**DIRECTIONS FOR THIS TASK**: Where a picture appears, leave it out, and print the rest of the records as they are.
Segment Start: RECORDS PROVIDED
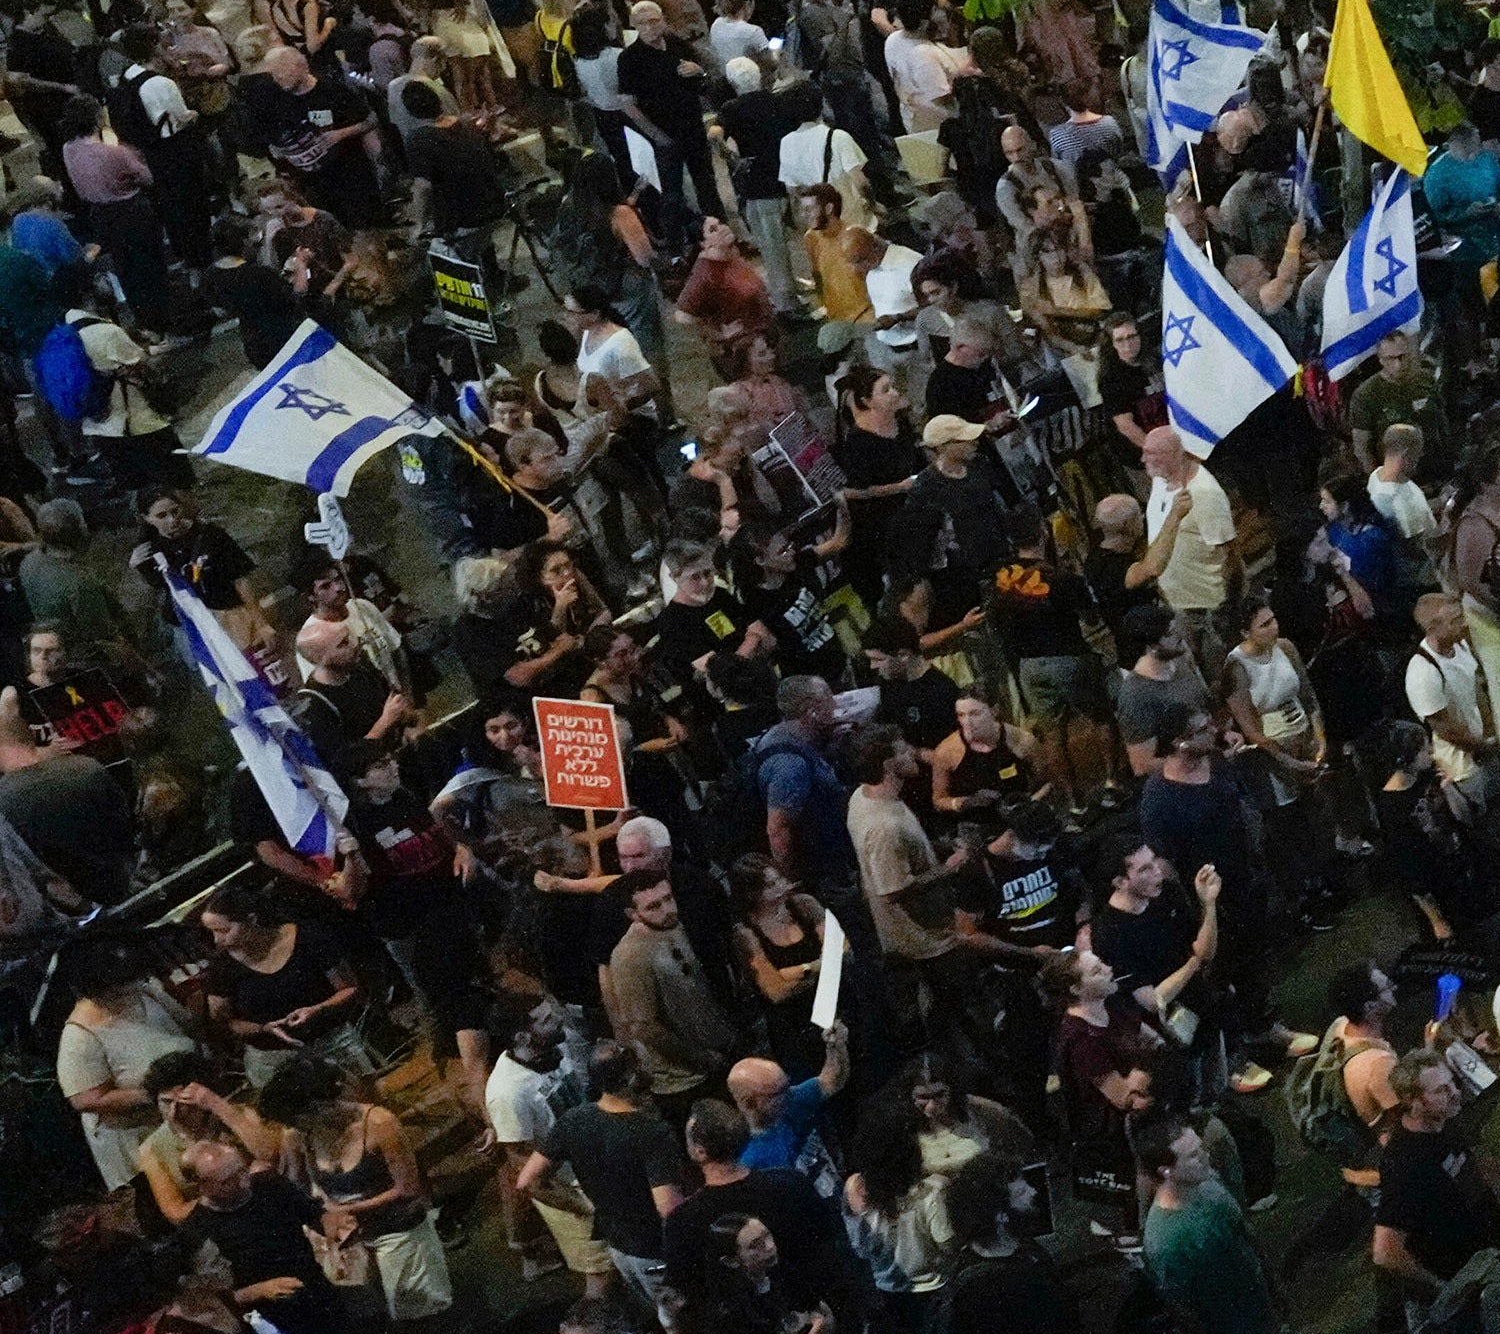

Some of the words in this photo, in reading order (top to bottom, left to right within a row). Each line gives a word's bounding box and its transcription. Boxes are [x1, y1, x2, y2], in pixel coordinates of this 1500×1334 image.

[54, 699, 126, 745] HELP
[546, 712, 604, 731] דורשים
[547, 727, 609, 746] מנהיגות
[554, 743, 606, 761] ערכית
[565, 755, 598, 772] ללא
[556, 770, 612, 789] פשרות
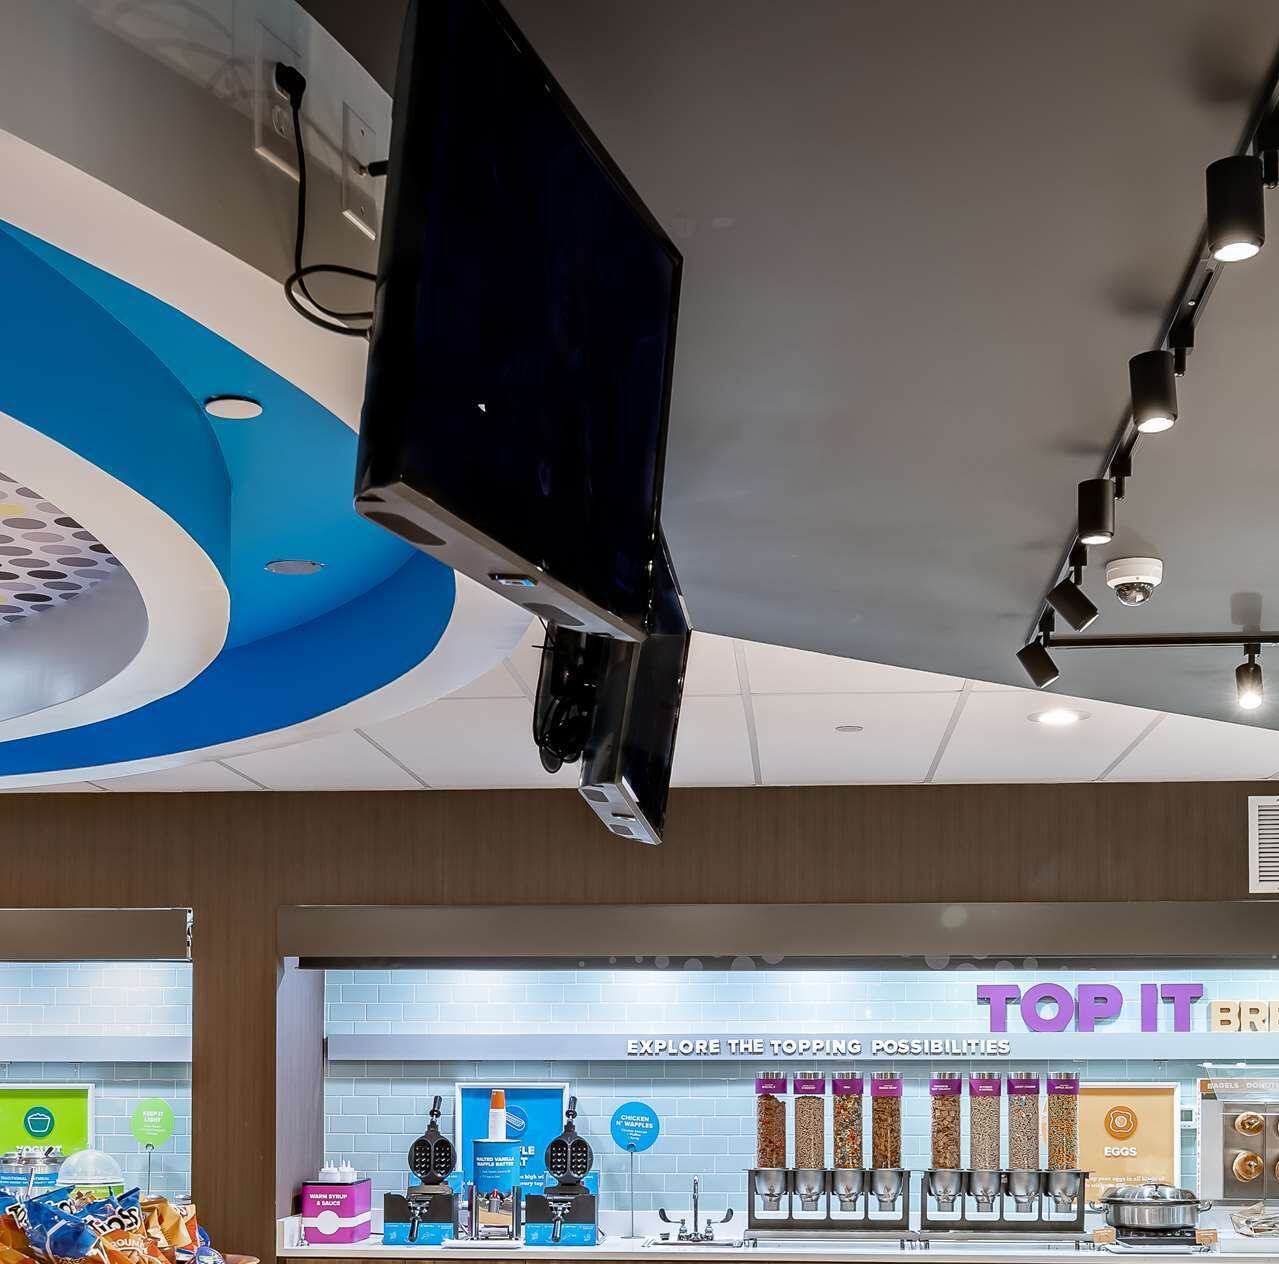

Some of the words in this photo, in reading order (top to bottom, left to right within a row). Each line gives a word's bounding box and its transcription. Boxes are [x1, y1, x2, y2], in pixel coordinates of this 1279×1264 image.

[977, 983, 1123, 1033] TOP
[1140, 982, 1203, 1033] IT
[627, 1040, 720, 1057] EXPLORE
[727, 1040, 763, 1055] THE
[770, 1040, 862, 1055] TOPPING
[871, 1040, 1010, 1056] POSSIBILITIES
[1104, 1147, 1137, 1156] EGGS
Segment End: RECORDS PROVIDED
**WRITTEN SOLUTION**:
Some of the words in this photo, in reading order (top to bottom, left to right within a row). Each line gives a word's bounding box and its transcription. Boxes are [x1, y1, x2, y2], in pixel coordinates of this 1500×1334 image.

[54, 699, 126, 745] HELP
[546, 712, 604, 731] דורשים
[547, 727, 609, 746] מנהיגות
[554, 743, 606, 761] ערכית
[565, 755, 598, 772] ללא
[556, 770, 612, 789] פשרות

Some of the words in this photo, in reading order (top to bottom, left to right within a row). Each line gives a word's bounding box and its transcription. Boxes are [x1, y1, x2, y2], in pixel coordinates of this 1279×1264 image.

[977, 983, 1123, 1033] TOP
[1140, 982, 1203, 1033] IT
[627, 1040, 720, 1057] EXPLORE
[727, 1040, 763, 1055] THE
[770, 1040, 862, 1055] TOPPING
[871, 1040, 1010, 1056] POSSIBILITIES
[1104, 1147, 1137, 1156] EGGS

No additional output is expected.